- DIRECTIONS -
Transcribe the records below in their entirety, and leave out each image.

- DATA -
◇ ◇ ◇ ◇ ◇ ◇ ◇

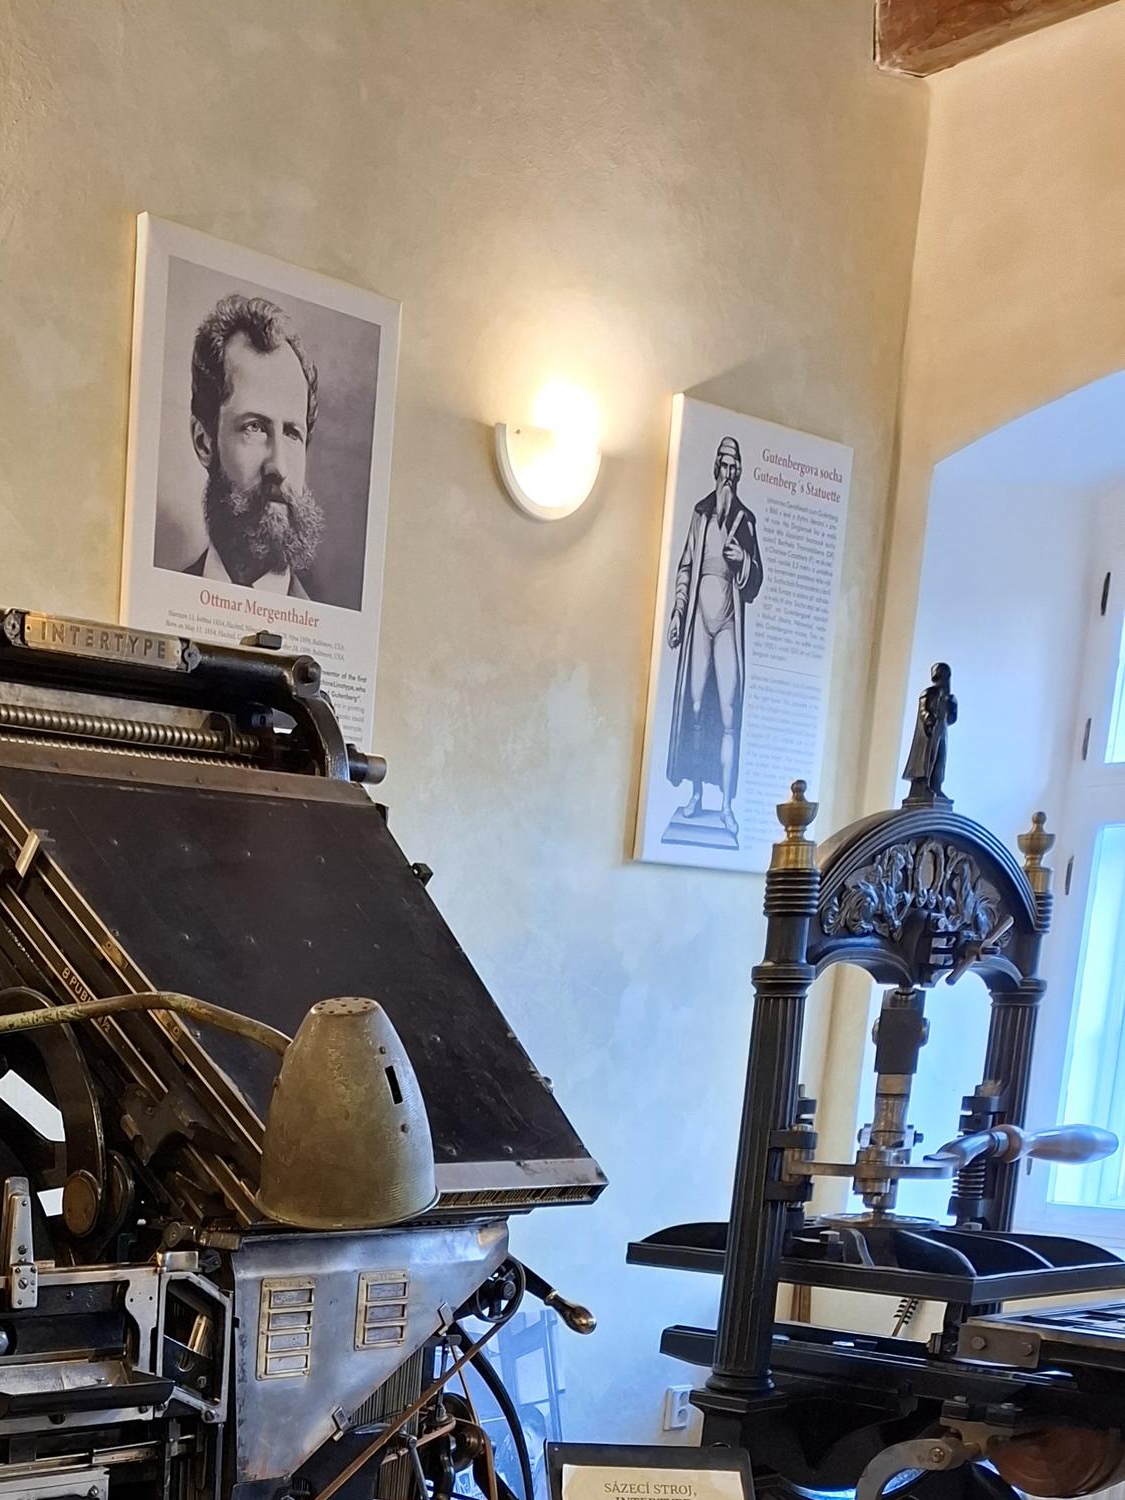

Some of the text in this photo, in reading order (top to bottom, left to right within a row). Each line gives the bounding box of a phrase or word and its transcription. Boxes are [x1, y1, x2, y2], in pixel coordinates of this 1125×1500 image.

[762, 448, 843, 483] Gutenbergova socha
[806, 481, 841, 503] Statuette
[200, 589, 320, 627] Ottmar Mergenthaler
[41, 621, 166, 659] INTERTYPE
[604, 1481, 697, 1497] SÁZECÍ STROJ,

◇ ◇ ◇ ◇ ◇ ◇ ◇

- OUTPUT FOR THIS EXERCISE -
Some of the text in this photo, in reading order (top to bottom, left to right within a row). Each line gives the bounding box of a phrase or word and its transcription. Boxes are [x1, y1, x2, y2], in pixel coordinates of this 1125×1500 image.

[762, 448, 843, 483] Gutenbergova socha
[806, 481, 841, 503] Statuette
[200, 589, 320, 627] Ottmar Mergenthaler
[41, 621, 166, 659] INTERTYPE
[604, 1481, 697, 1497] SÁZECÍ STROJ,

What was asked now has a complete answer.